▶ _Requirement_: Except for the pictures, write out all the records that follow exactly.

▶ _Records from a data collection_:
+---+

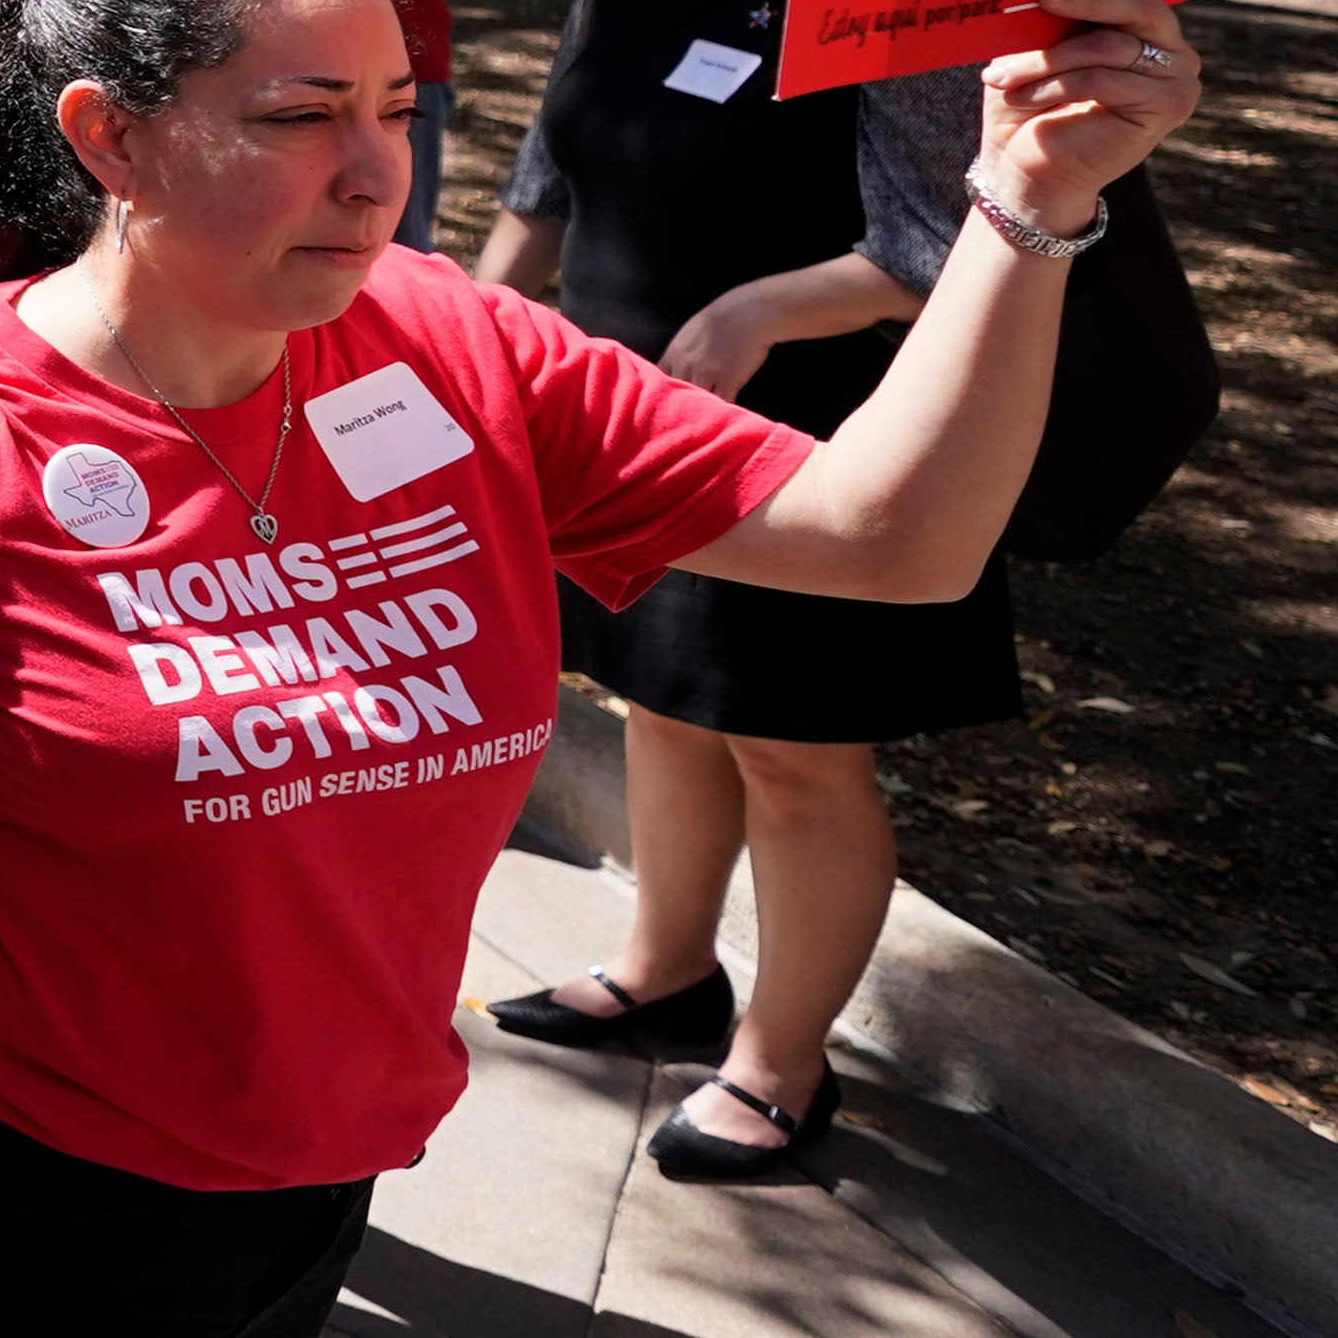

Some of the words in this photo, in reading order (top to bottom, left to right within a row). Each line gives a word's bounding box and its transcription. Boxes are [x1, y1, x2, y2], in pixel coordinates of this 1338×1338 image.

[333, 412, 376, 437] Maritza
[373, 400, 407, 419] Wong
[85, 471, 119, 487] DEMAND
[90, 480, 120, 494] ACTION
[65, 510, 112, 530] MARITZA
[97, 542, 339, 635] MOMS
[127, 588, 478, 707] DEMAND
[174, 665, 483, 783] ACTION
[183, 789, 251, 824] FOR
[261, 776, 314, 818] GUN
[318, 764, 410, 800] SENSE
[416, 754, 445, 784] IN
[451, 717, 553, 778] AMERICA
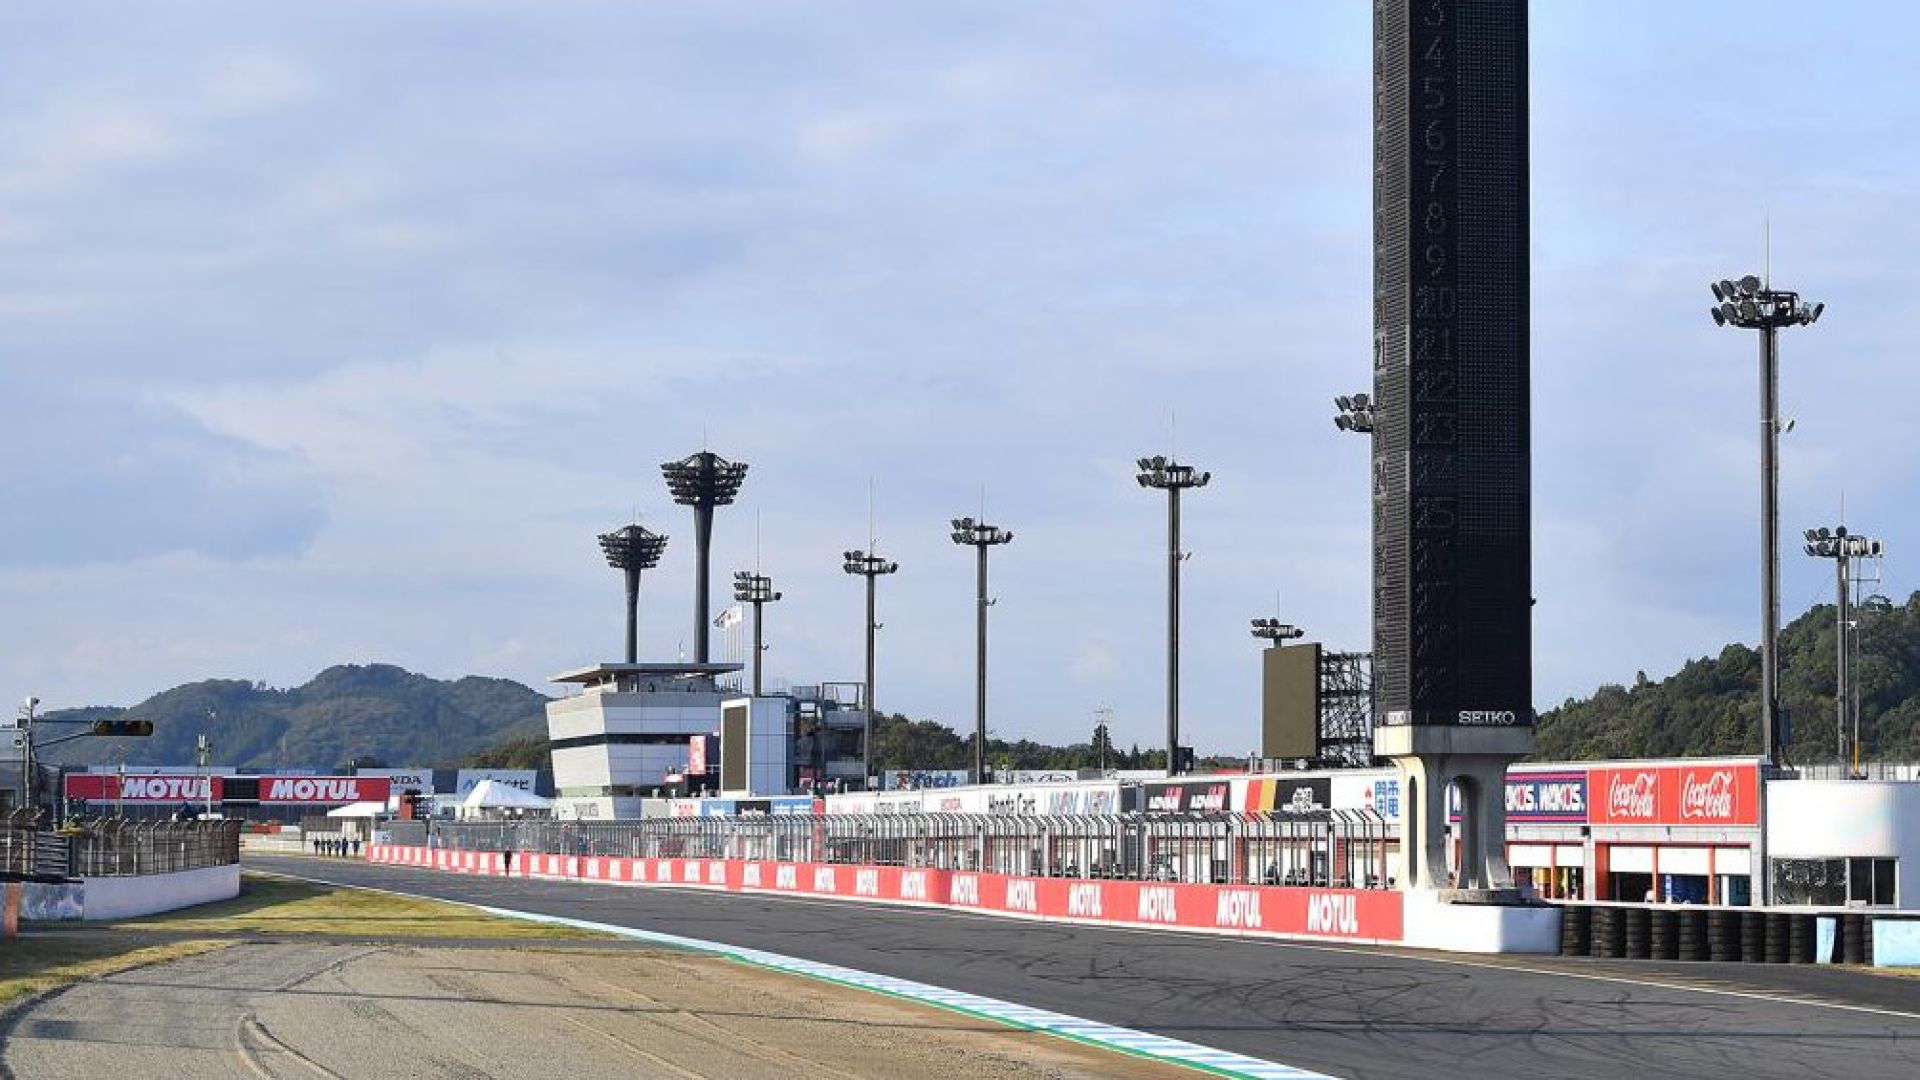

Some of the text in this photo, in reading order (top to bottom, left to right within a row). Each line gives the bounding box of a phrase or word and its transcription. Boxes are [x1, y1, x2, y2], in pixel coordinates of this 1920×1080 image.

[1424, 36, 1442, 68] 4
[1424, 77, 1445, 110] 5
[1424, 119, 1445, 151] 6
[1458, 711, 1515, 725] SEIKO
[123, 778, 360, 799] MOTUL MOTUL
[390, 776, 422, 785] NDA
[1138, 886, 1177, 922] MOTUL
[1216, 890, 1262, 928] MOTUL
[1308, 894, 1358, 933] MOTUL

+---+

▶ _Reply to the exercise_:
Some of the words in this photo, in reading order (top to bottom, left to right within a row). Each line gives a word's bounding box and its transcription. Boxes are [x1, y1, x2, y2], in pixel coordinates of this 1338×1338 image.

[333, 412, 376, 437] Maritza
[373, 400, 407, 419] Wong
[85, 471, 119, 487] DEMAND
[90, 480, 120, 494] ACTION
[65, 510, 112, 530] MARITZA
[97, 542, 339, 635] MOMS
[127, 588, 478, 707] DEMAND
[174, 665, 483, 783] ACTION
[183, 789, 251, 824] FOR
[261, 776, 314, 818] GUN
[318, 764, 410, 800] SENSE
[416, 754, 445, 784] IN
[451, 717, 553, 778] AMERICA

Some of the text in this photo, in reading order (top to bottom, left to right within a row). Each line gives the bounding box of a phrase or word and its transcription. Boxes are [x1, y1, x2, y2], in pixel coordinates of this 1920×1080 image.

[1424, 36, 1442, 68] 4
[1424, 77, 1445, 110] 5
[1424, 119, 1445, 151] 6
[1458, 711, 1515, 725] SEIKO
[123, 778, 360, 799] MOTUL MOTUL
[390, 776, 422, 785] NDA
[1138, 886, 1177, 922] MOTUL
[1216, 890, 1262, 928] MOTUL
[1308, 894, 1358, 933] MOTUL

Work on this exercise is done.